# Dataset excerpts
========
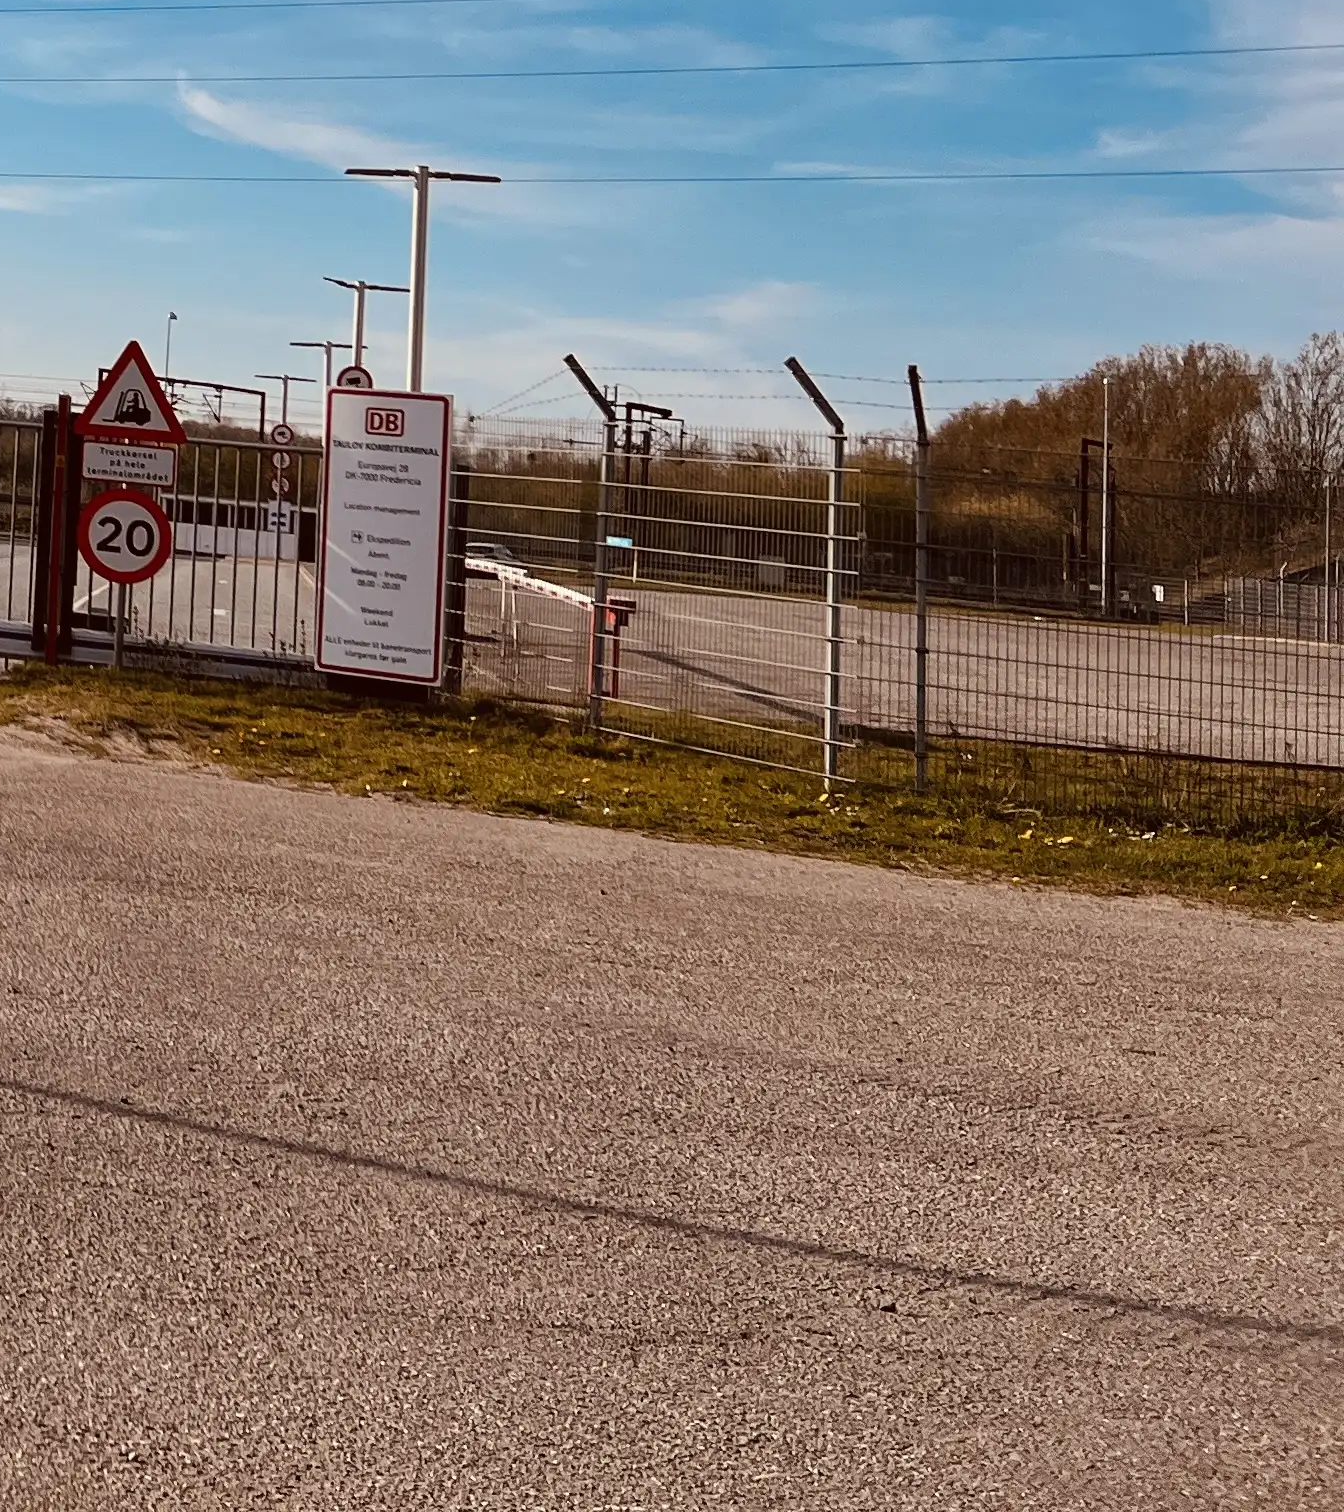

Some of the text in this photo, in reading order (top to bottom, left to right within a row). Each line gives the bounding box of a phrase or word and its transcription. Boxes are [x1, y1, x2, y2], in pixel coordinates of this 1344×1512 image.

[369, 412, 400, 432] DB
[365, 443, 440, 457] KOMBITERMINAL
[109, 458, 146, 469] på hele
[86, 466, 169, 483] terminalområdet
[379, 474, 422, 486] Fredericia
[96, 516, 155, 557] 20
========
# Activity
Please reproduce the entries above line by line, exactly, leaving out each image.

# Result of the exercise
Some of the text in this photo, in reading order (top to bottom, left to right within a row). Each line gives the bounding box of a phrase or word and its transcription. Boxes are [x1, y1, x2, y2], in pixel coordinates of this 1344×1512 image.

[369, 412, 400, 432] DB
[365, 443, 440, 457] KOMBITERMINAL
[109, 458, 146, 469] på hele
[86, 466, 169, 483] terminalområdet
[379, 474, 422, 486] Fredericia
[96, 516, 155, 557] 20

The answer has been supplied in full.